## TASK INSTRUCTIONS
Exact transcription of the following records is needed, with every picture dropped.

==========

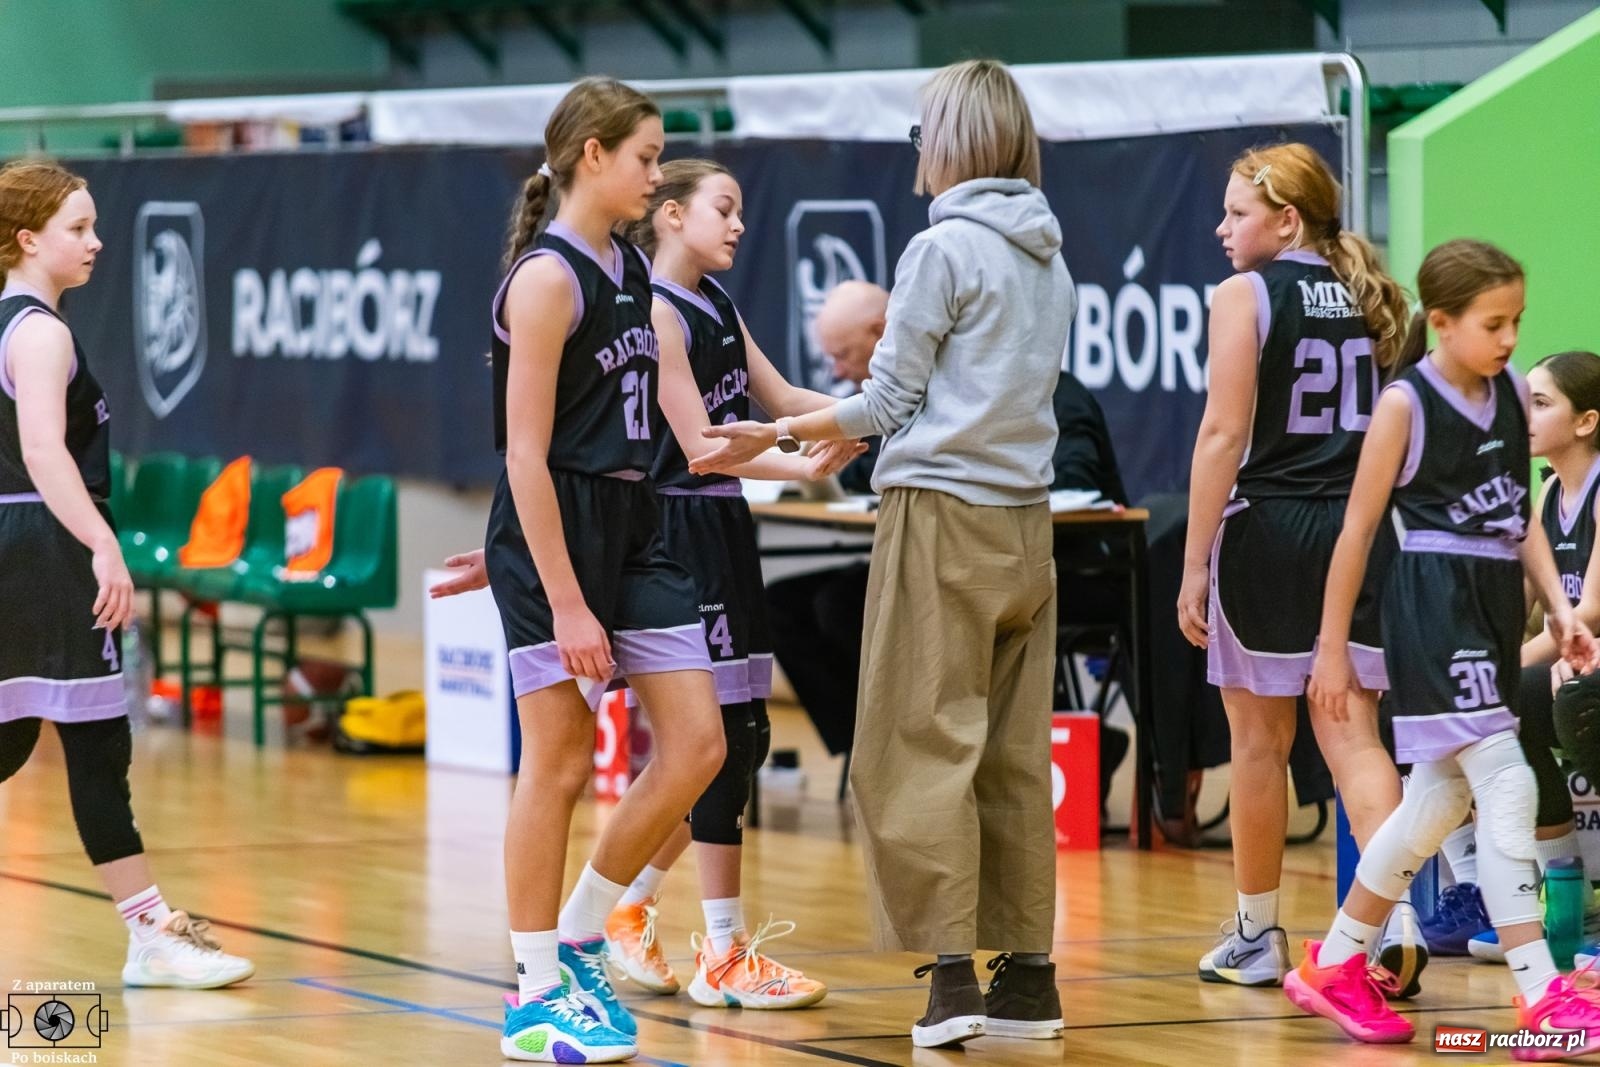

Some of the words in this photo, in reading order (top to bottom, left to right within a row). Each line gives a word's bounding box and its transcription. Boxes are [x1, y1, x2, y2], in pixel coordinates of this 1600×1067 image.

[1061, 244, 1215, 393] BÓR
[621, 370, 650, 440] 21
[1286, 338, 1379, 434] 20
[102, 626, 119, 672] 4
[1448, 661, 1501, 710] 30
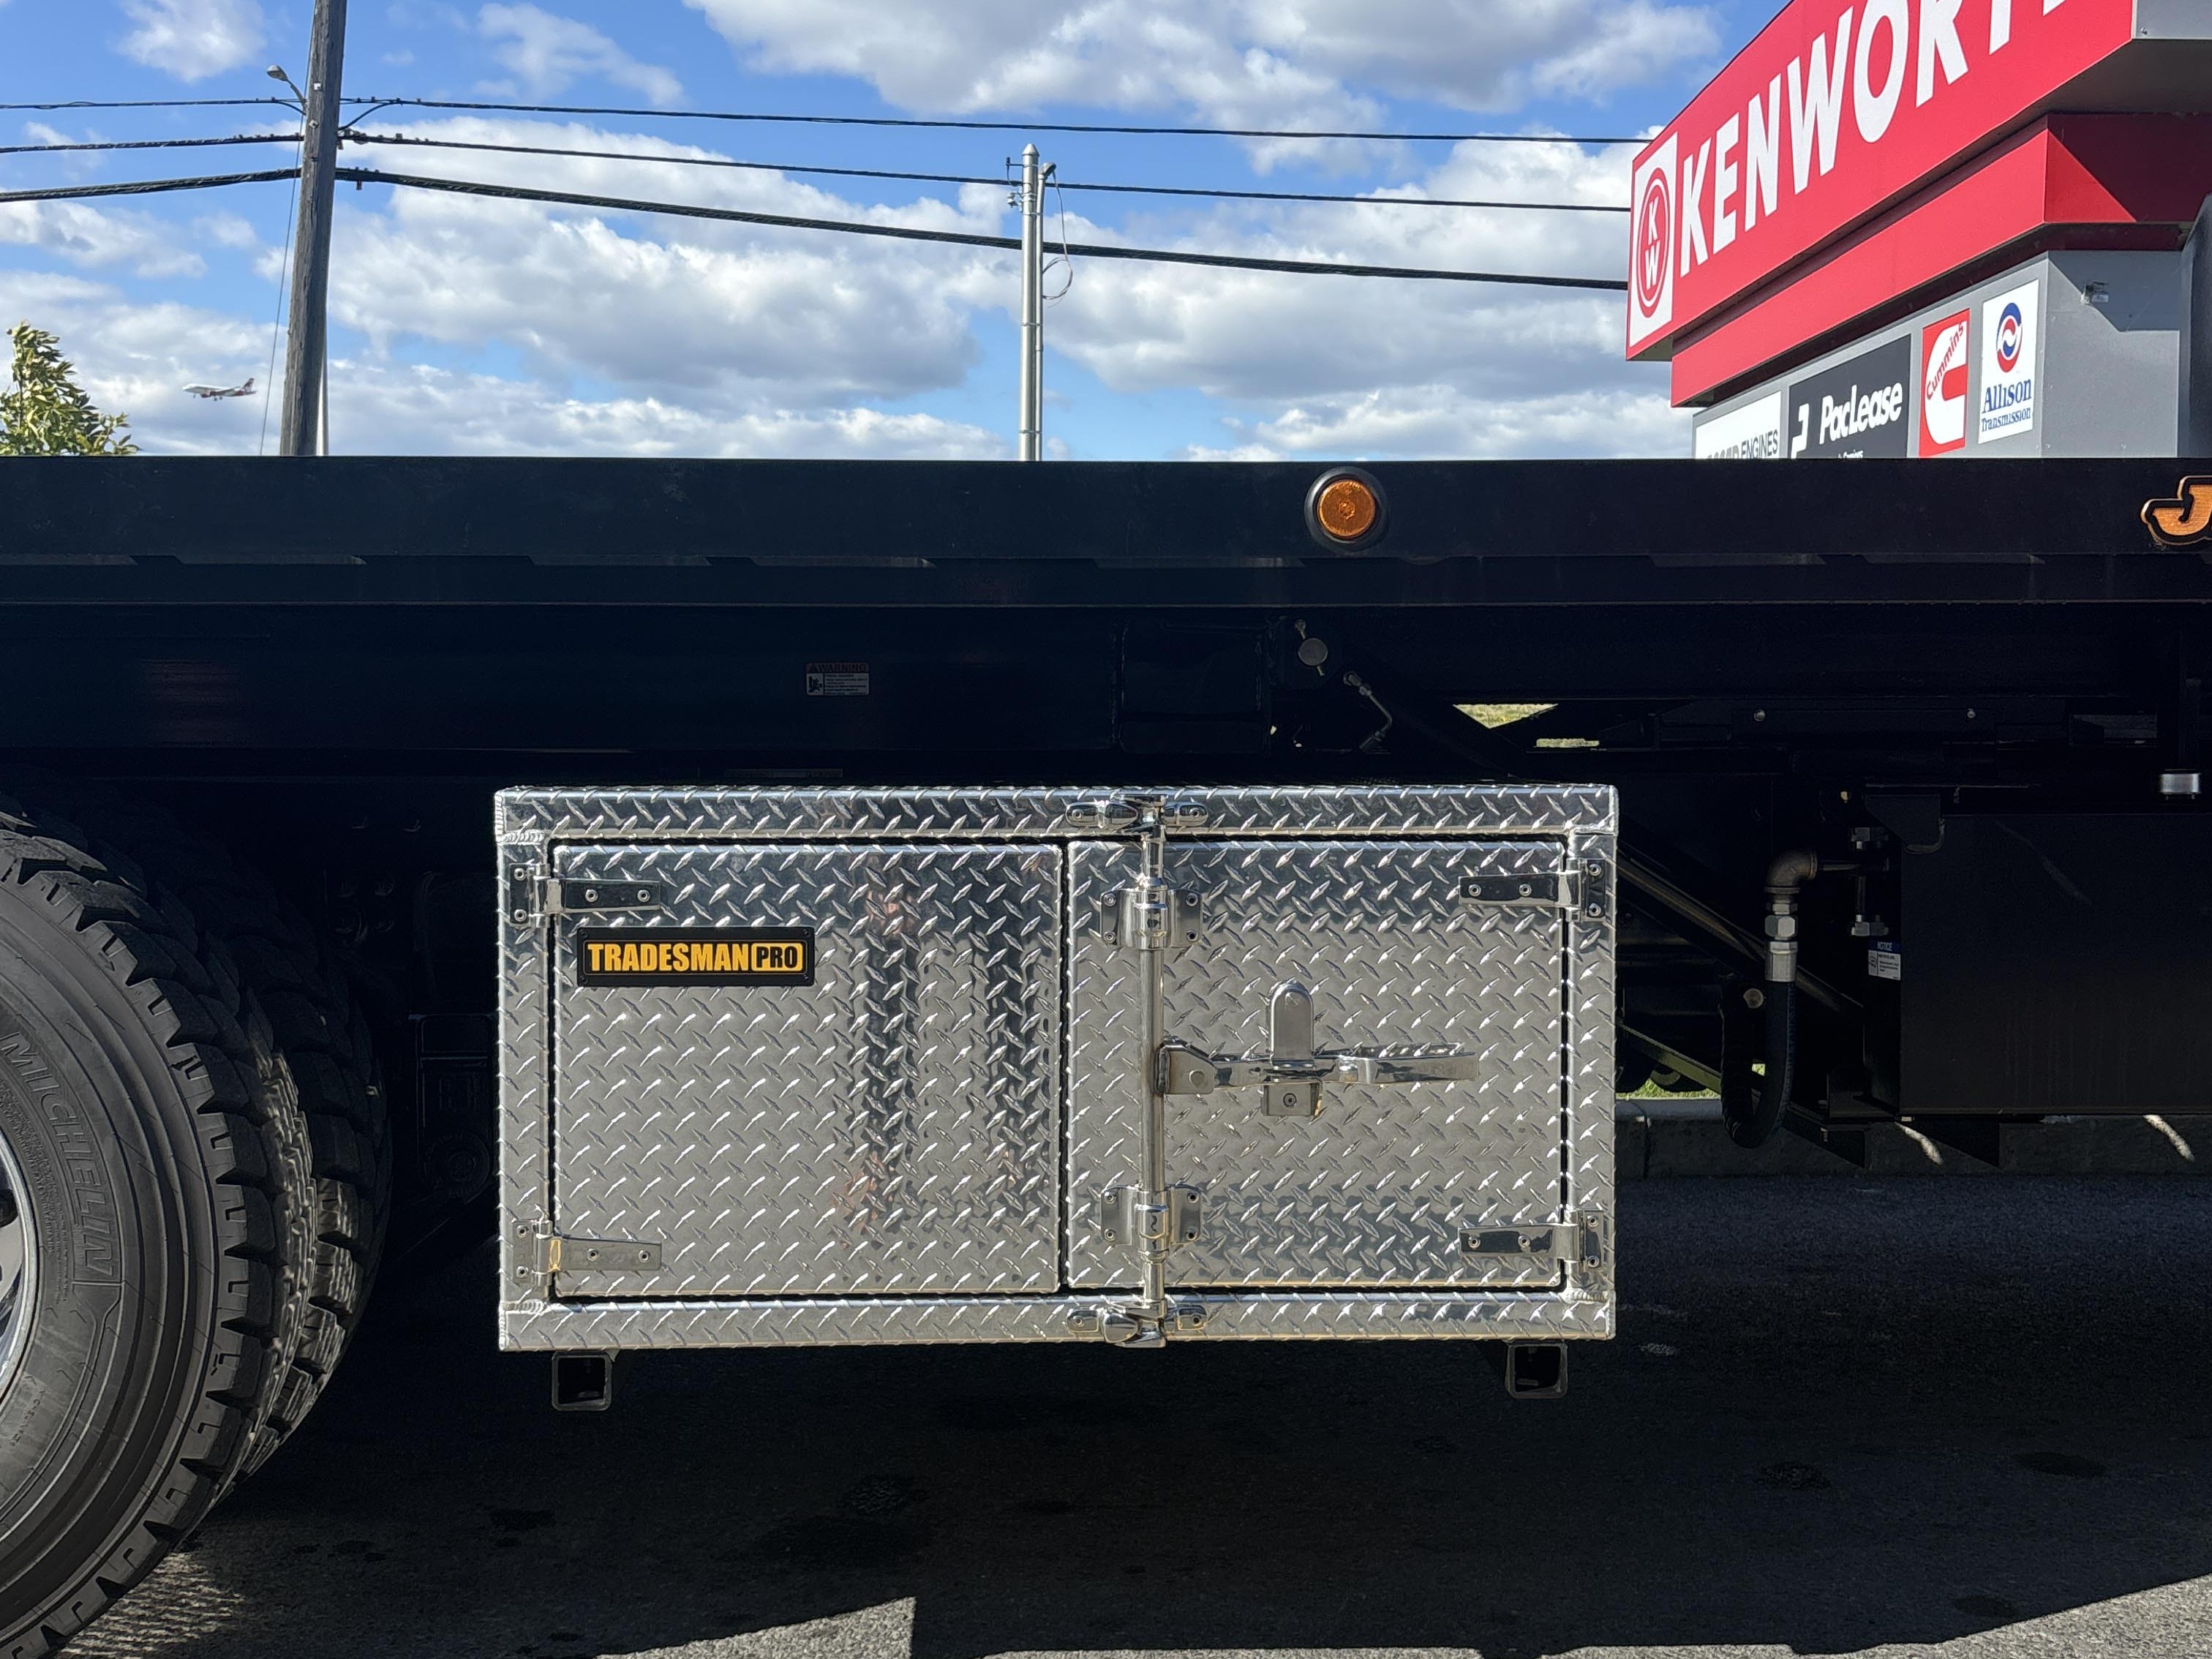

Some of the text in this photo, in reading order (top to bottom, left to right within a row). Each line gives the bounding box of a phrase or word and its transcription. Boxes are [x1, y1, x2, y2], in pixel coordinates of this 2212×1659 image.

[1680, 0, 2066, 277] KENWOR
[1926, 323, 1965, 400] Cummins
[1819, 383, 1903, 445] PacLease
[1982, 378, 2032, 414] Allison
[1981, 407, 2031, 432] Transmission
[1741, 429, 1778, 459] ENGINES
[819, 663, 867, 673] WARNING
[587, 943, 799, 972] TRADESMAN PRO
[1, 1031, 113, 1276] MICHELIN

==========

## YOUR RESPONSE
Some of the words in this photo, in reading order (top to bottom, left to right within a row). Each line gives a word's bounding box and its transcription. Boxes are [x1, y1, x2, y2], in pixel coordinates of this 1600×1067 image.

[1061, 244, 1215, 393] BÓR
[621, 370, 650, 440] 21
[1286, 338, 1379, 434] 20
[102, 626, 119, 672] 4
[1448, 661, 1501, 710] 30

Some of the text in this photo, in reading order (top to bottom, left to right within a row). Each line gives the bounding box of a phrase or word and its transcription. Boxes are [x1, y1, x2, y2], in pixel coordinates of this 2212×1659 image.

[1680, 0, 2066, 277] KENWOR
[1926, 323, 1965, 400] Cummins
[1819, 383, 1903, 445] PacLease
[1982, 378, 2032, 414] Allison
[1981, 407, 2031, 432] Transmission
[1741, 429, 1778, 459] ENGINES
[819, 663, 867, 673] WARNING
[587, 943, 799, 972] TRADESMAN PRO
[1, 1031, 113, 1276] MICHELIN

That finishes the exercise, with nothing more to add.